J’ai pris le sujet au pied de la lettre « Le coin de France d’où je viens «  et non « ce qui me rappelle la France en Angleterre ». En vrai, ce qui me rappelle la France dans mon nouveau chez-moi ce sont ma bibliothèque remplie de livres en français, la playlist de chansons françaises que j’écoute en boucle, ma voiture française que je conduis actuellement, le savon de Marseille que j’utilise pour tout dans mon appartement et…c’est tout. Pas de quoi faire un article!

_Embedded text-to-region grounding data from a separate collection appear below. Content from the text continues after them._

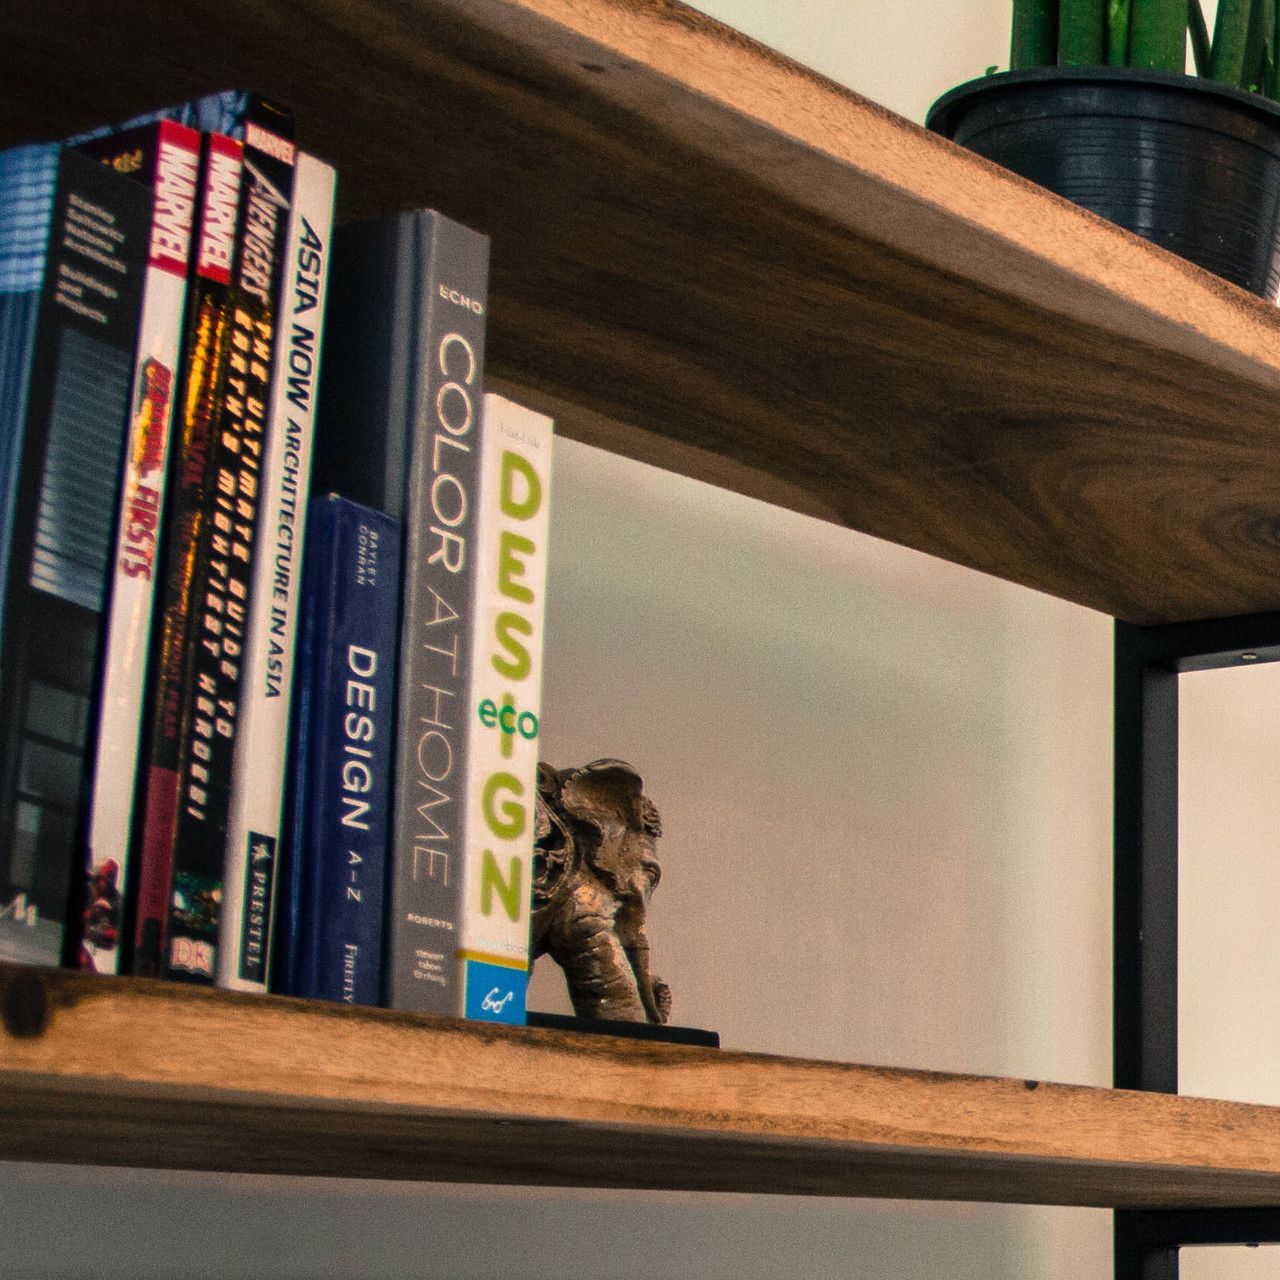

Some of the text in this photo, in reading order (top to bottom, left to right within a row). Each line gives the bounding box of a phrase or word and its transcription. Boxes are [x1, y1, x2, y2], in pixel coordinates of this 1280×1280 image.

[151, 141, 199, 267] MARVEL
[200, 150, 242, 277] MARVEL
[240, 158, 292, 305] AVENGERS
[439, 284, 485, 315] ECHO
[264, 216, 323, 698] ASIA NOW ARCHITECTURE IN ASIA
[122, 486, 160, 581] FIRSTS
[187, 309, 252, 821] EARTH'S MIGHTIEST HEROES!
[216, 320, 273, 739] THE ULTIMATE GUIDE TO
[356, 525, 368, 585] CONRAN
[364, 531, 379, 586] BAYLEY
[414, 333, 475, 887] COLOR AT HOME
[341, 645, 378, 830] DESIGN
[478, 698, 539, 740] eco
[247, 872, 268, 970] PRESTEL
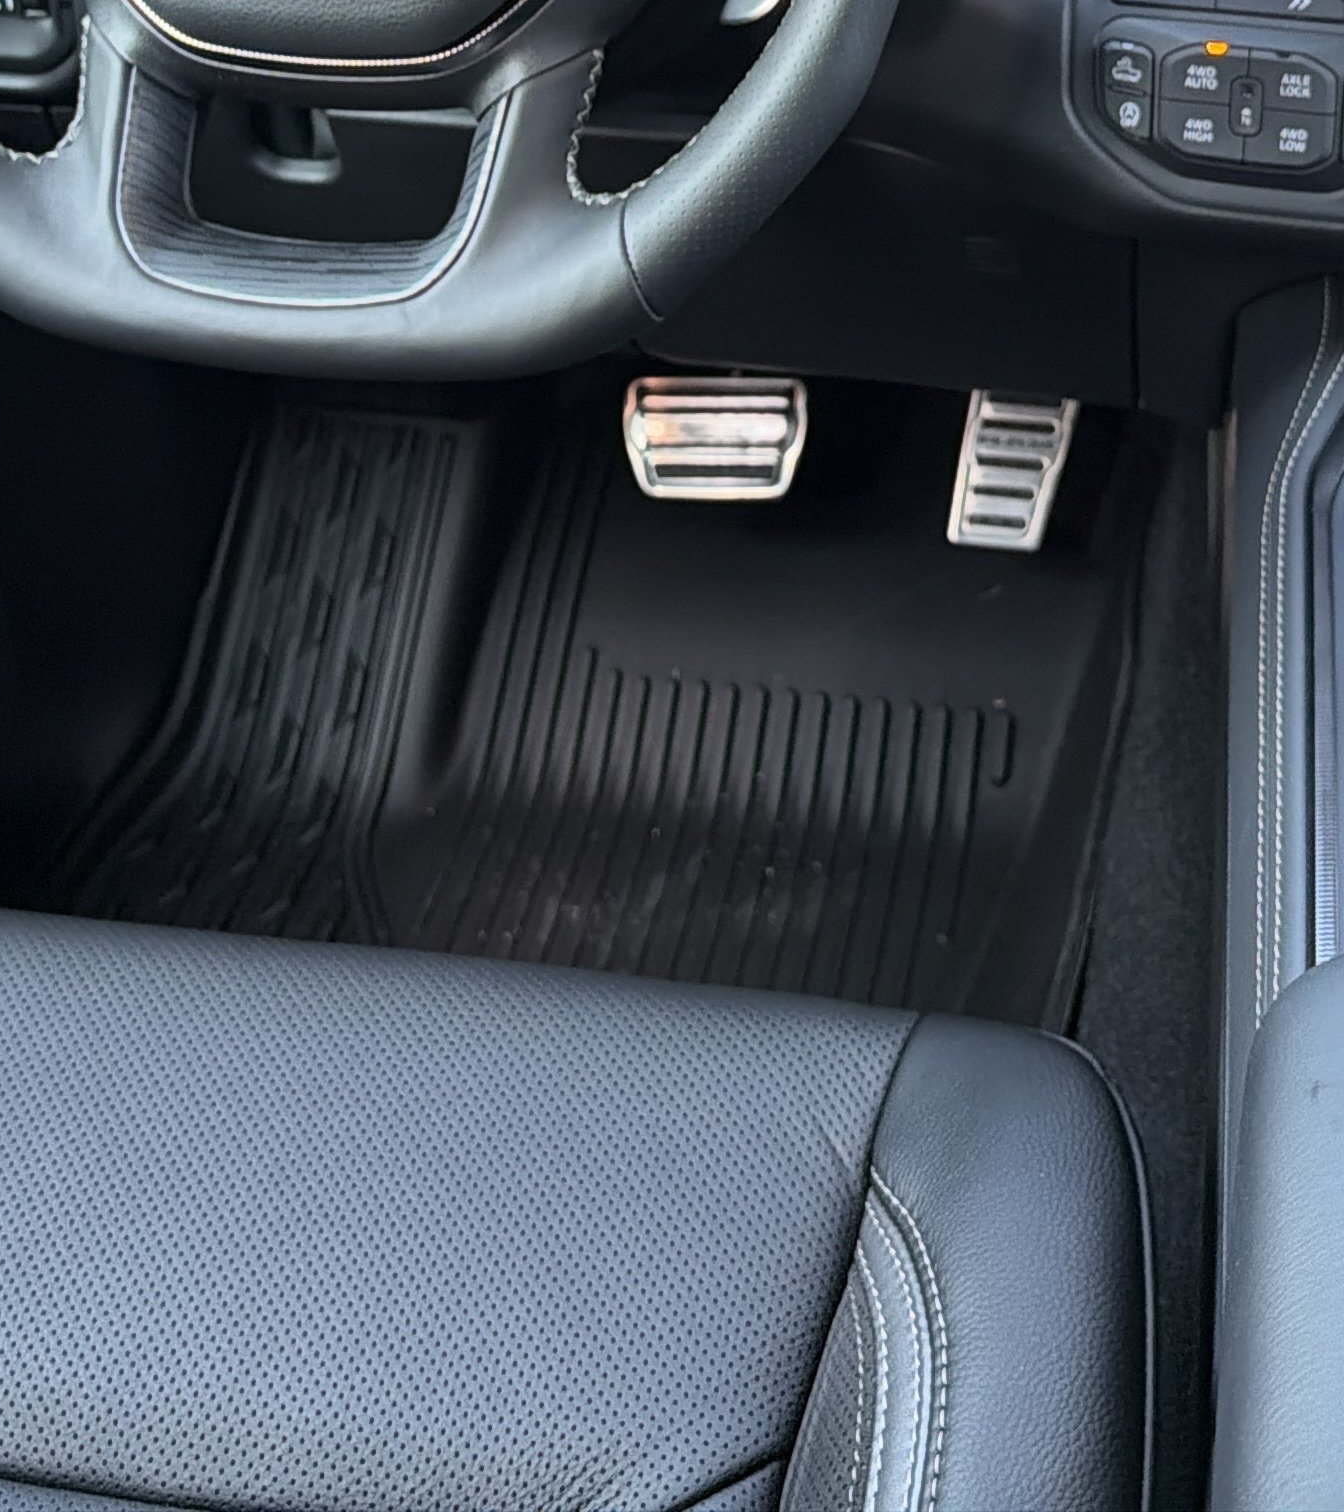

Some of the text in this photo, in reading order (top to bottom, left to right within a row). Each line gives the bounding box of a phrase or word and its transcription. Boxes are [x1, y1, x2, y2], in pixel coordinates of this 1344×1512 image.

Hier, en me baladant sur Londres, je suis tombée par hasard sur LE quartier français de la capitale. Si au début j’ai pu sourire en voyant les boulangeries ou les magasins vendre des petits écoliers de Lu, cela m’a vite gonflé de me croire en France et de retrouver autant de personnes parlant français autour de moi, les gens bruyants au rire gras, les femmes bien habillées qui vous prennent de haut, les gens hautains avec un petit pull noué sur les épaules qui racontent combien ils sont pro-Macron et qui inculquent ça tellement à leurs gamins de 7 ans qu’ils jouent à « Moi, je suis Emmanuel, sauveur de la France » (true story)... bref, un mini Paris bobo que j’ai fui en partant de France et que je ne souhaite pas retrouver dans mon quotidien.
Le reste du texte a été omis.